> Assigned task:
Leaving the images aside, print every record in the material exactly.

> The records:
====================
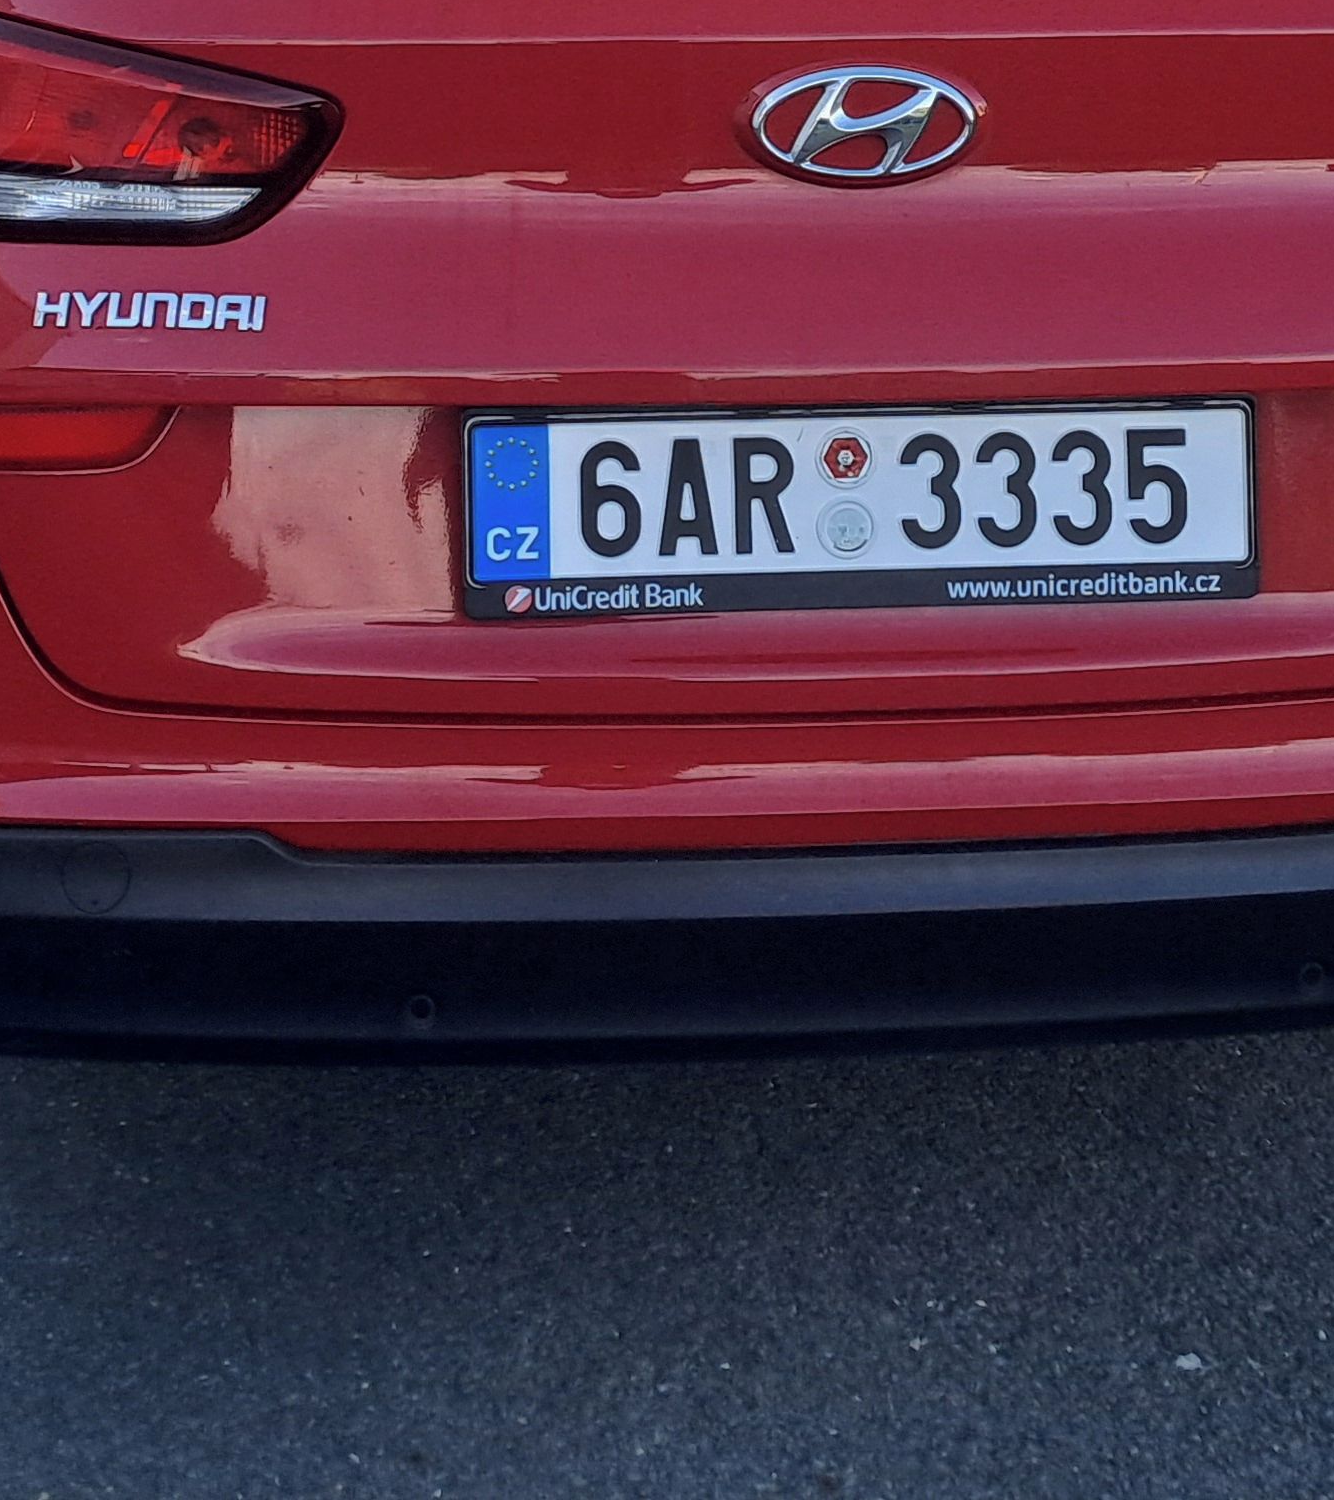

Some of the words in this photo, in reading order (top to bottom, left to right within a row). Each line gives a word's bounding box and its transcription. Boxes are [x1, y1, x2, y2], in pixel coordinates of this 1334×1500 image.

[32, 291, 267, 331] HYUNDAI
[578, 436, 796, 558] 6AR
[899, 426, 1188, 551] 3335
[485, 526, 540, 562] CZ
[534, 583, 639, 611] UniCredit
[645, 582, 704, 609] Bank
[947, 570, 1221, 599] www.unicreditbank.cz
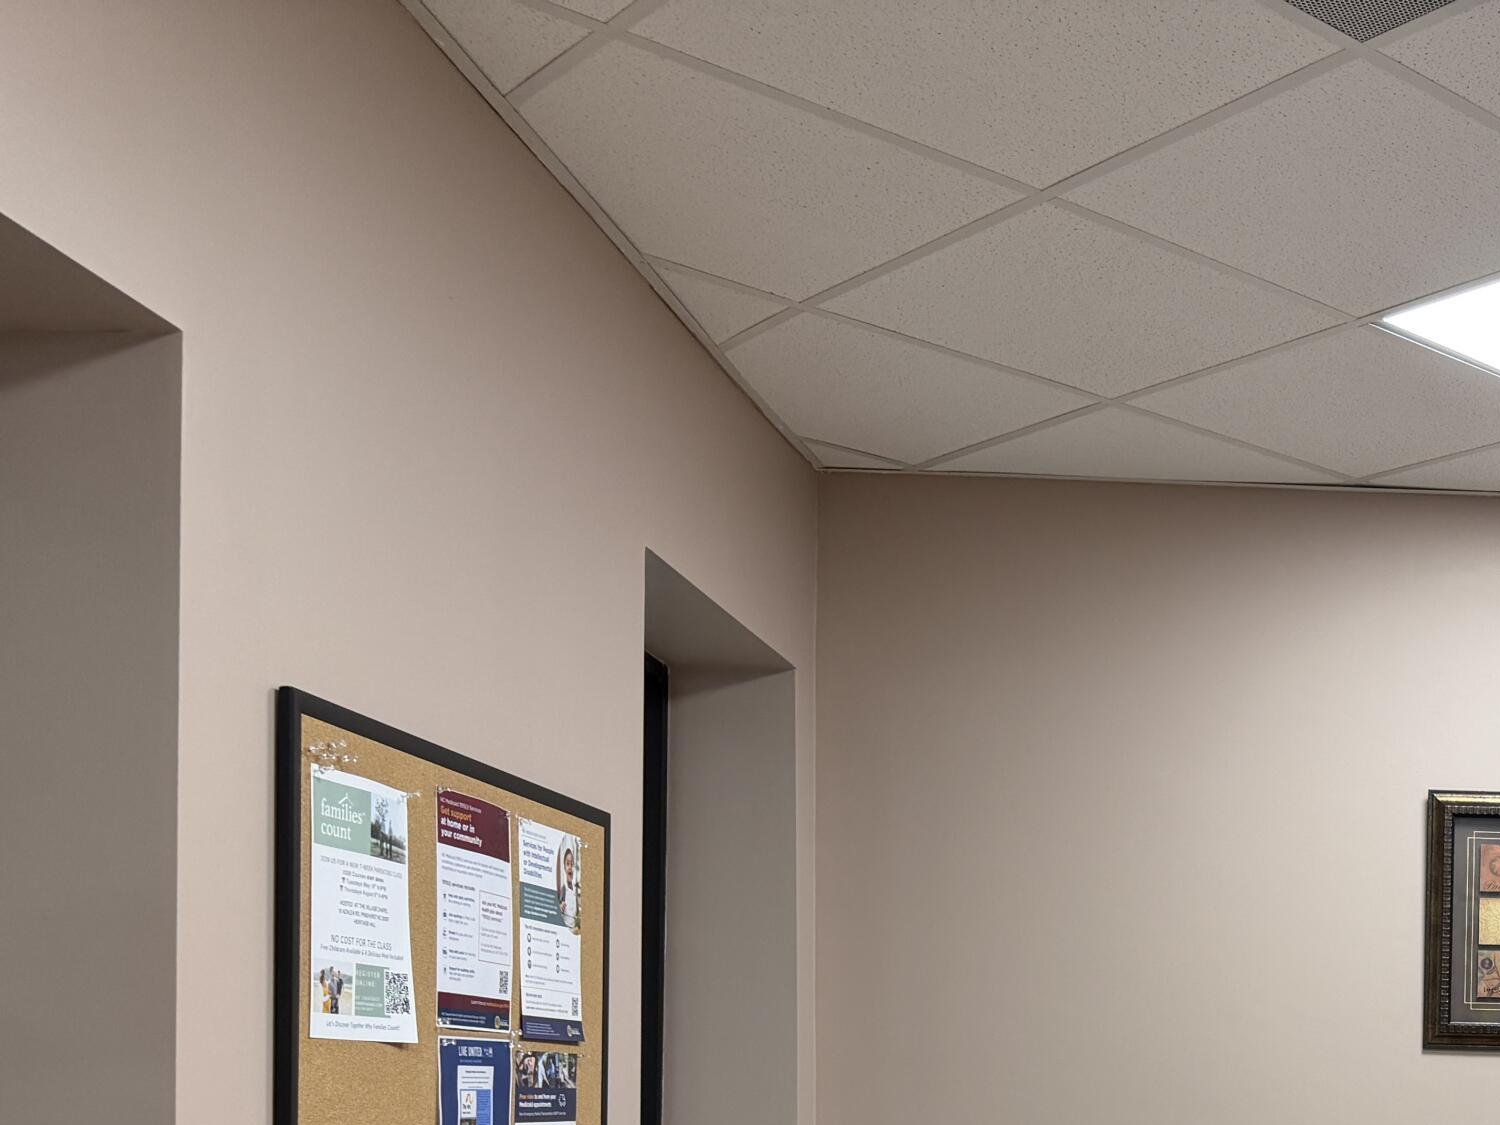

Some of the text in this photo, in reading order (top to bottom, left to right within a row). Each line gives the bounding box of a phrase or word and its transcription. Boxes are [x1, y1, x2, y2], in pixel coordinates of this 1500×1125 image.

[321, 797, 362, 825] families
[440, 806, 472, 822] Get support
[321, 822, 352, 841] count
[440, 817, 476, 834] at home or in
[441, 829, 482, 848] your community
[330, 934, 392, 951] NO COST FOR THE CLASS
[458, 1046, 468, 1057] LIVE
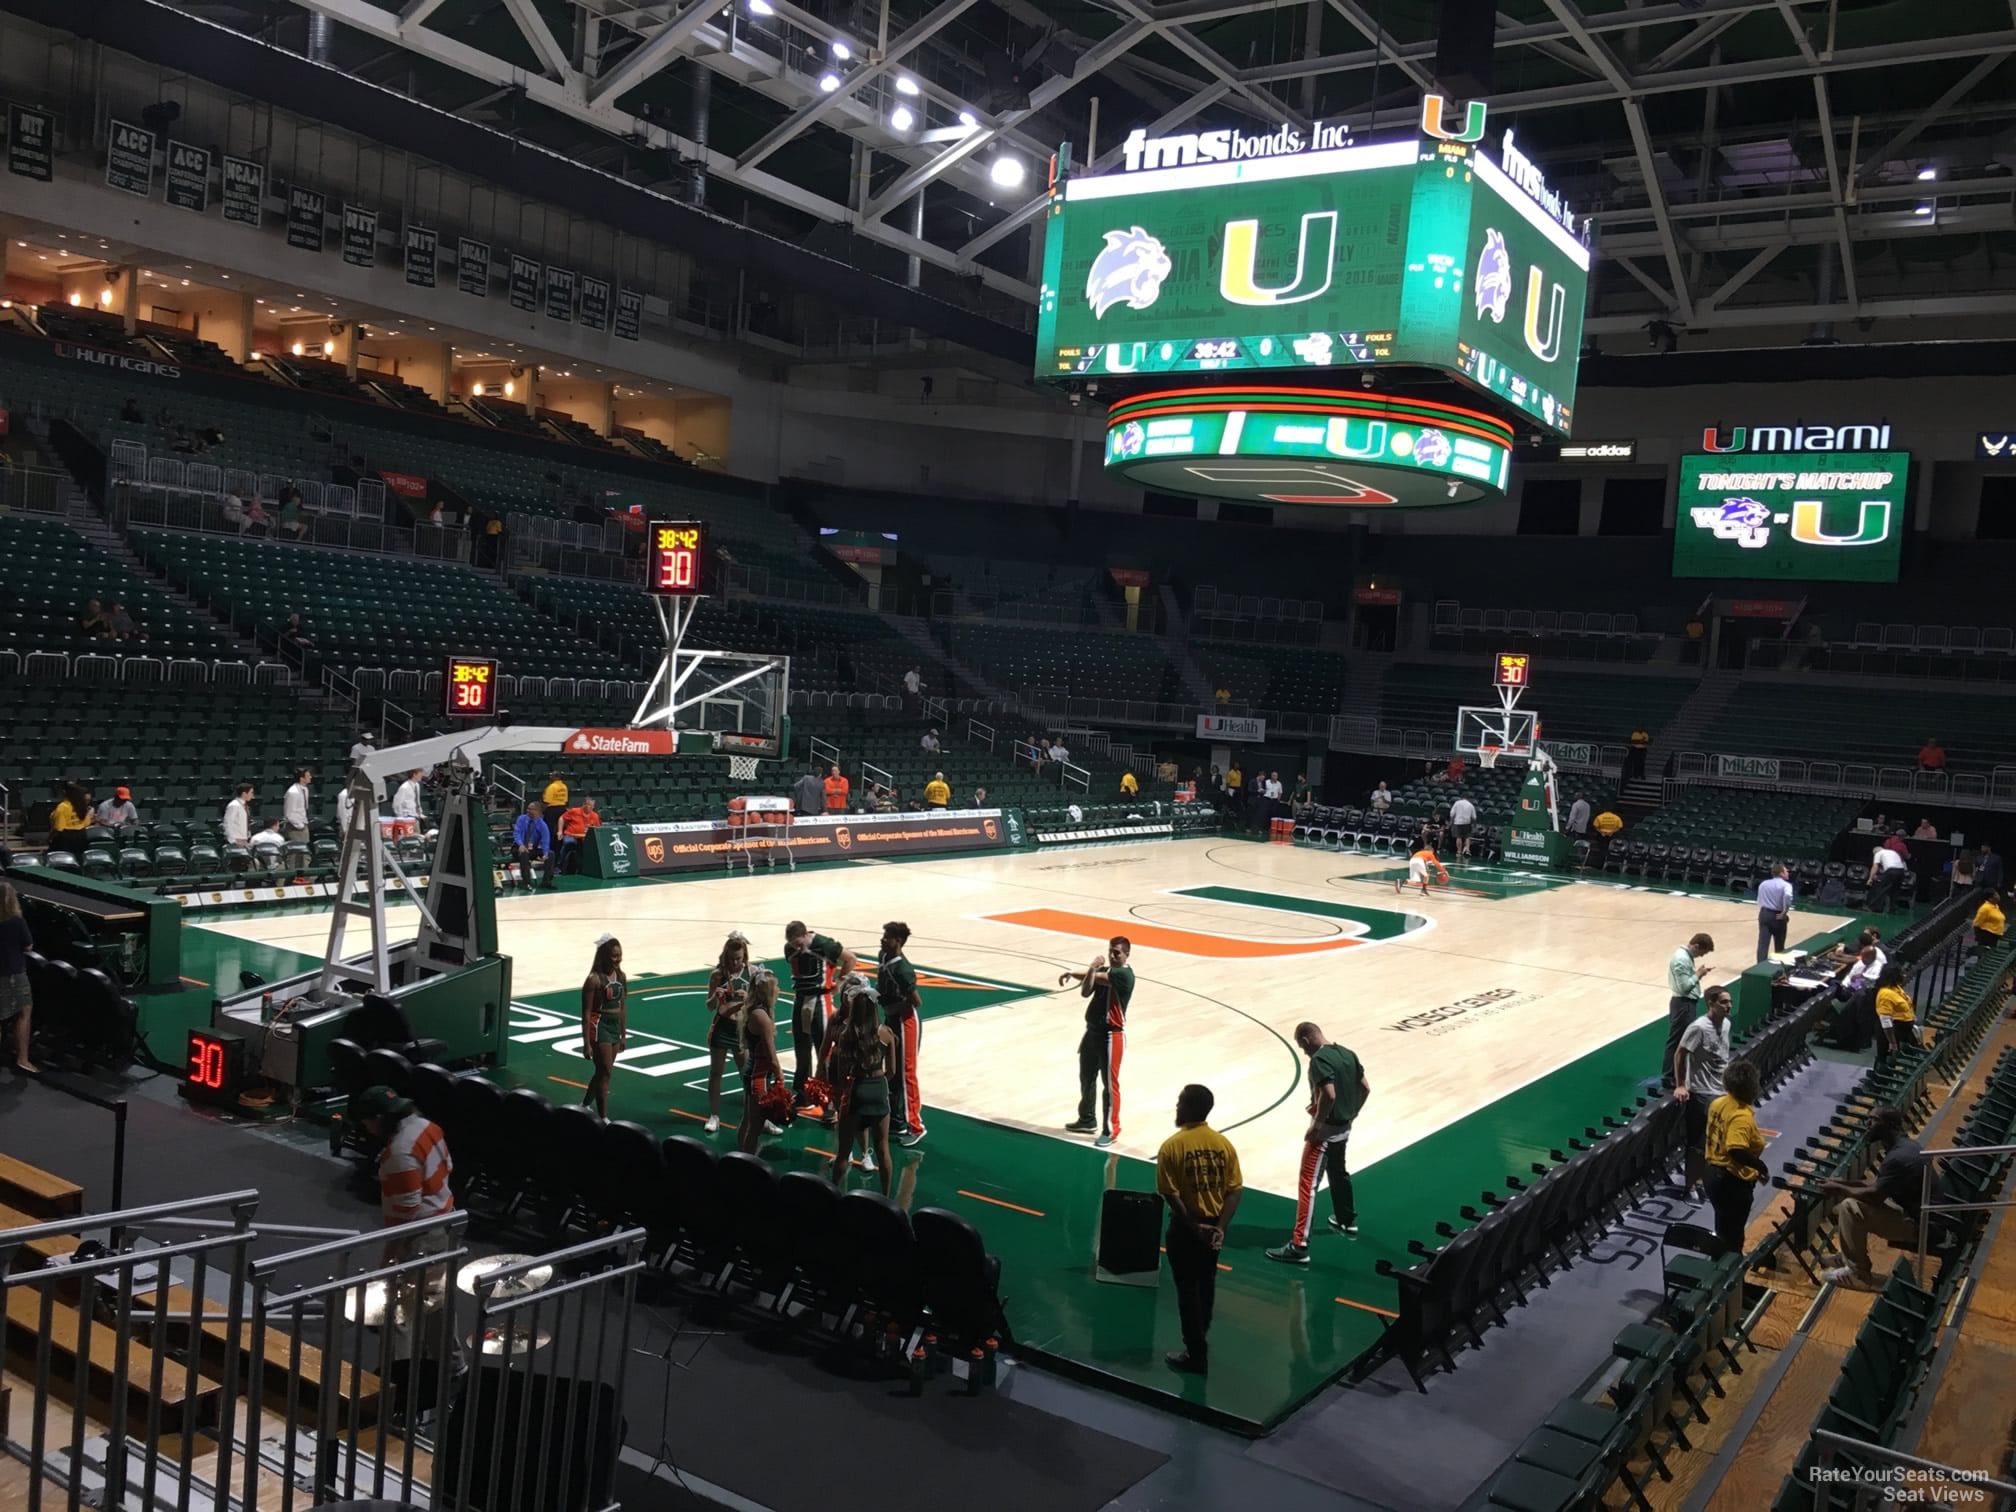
====================
> Reply to the exercise:
Some of the words in this photo, in reading order (top to bottom, left to right within a row). Each line gives a word's bounding box and its transcription. Boxes are [x1, y1, x2, y2], in pixel coordinates of this 1334×1500 image.

[32, 291, 267, 331] HYUNDAI
[578, 436, 796, 558] 6AR
[899, 426, 1188, 551] 3335
[485, 526, 540, 562] CZ
[534, 583, 639, 611] UniCredit
[645, 582, 704, 609] Bank
[947, 570, 1221, 599] www.unicreditbank.cz

Some of the text in this photo, in reading order (top to bottom, left to right within a row). Each line gives the bounding box of a phrase or word and its transcription. Boxes are [x1, y1, x2, y2], in pixel coordinates of this 1500×1125 image.

[321, 797, 362, 825] families
[440, 806, 472, 822] Get support
[321, 822, 352, 841] count
[440, 817, 476, 834] at home or in
[441, 829, 482, 848] your community
[330, 934, 392, 951] NO COST FOR THE CLASS
[458, 1046, 468, 1057] LIVE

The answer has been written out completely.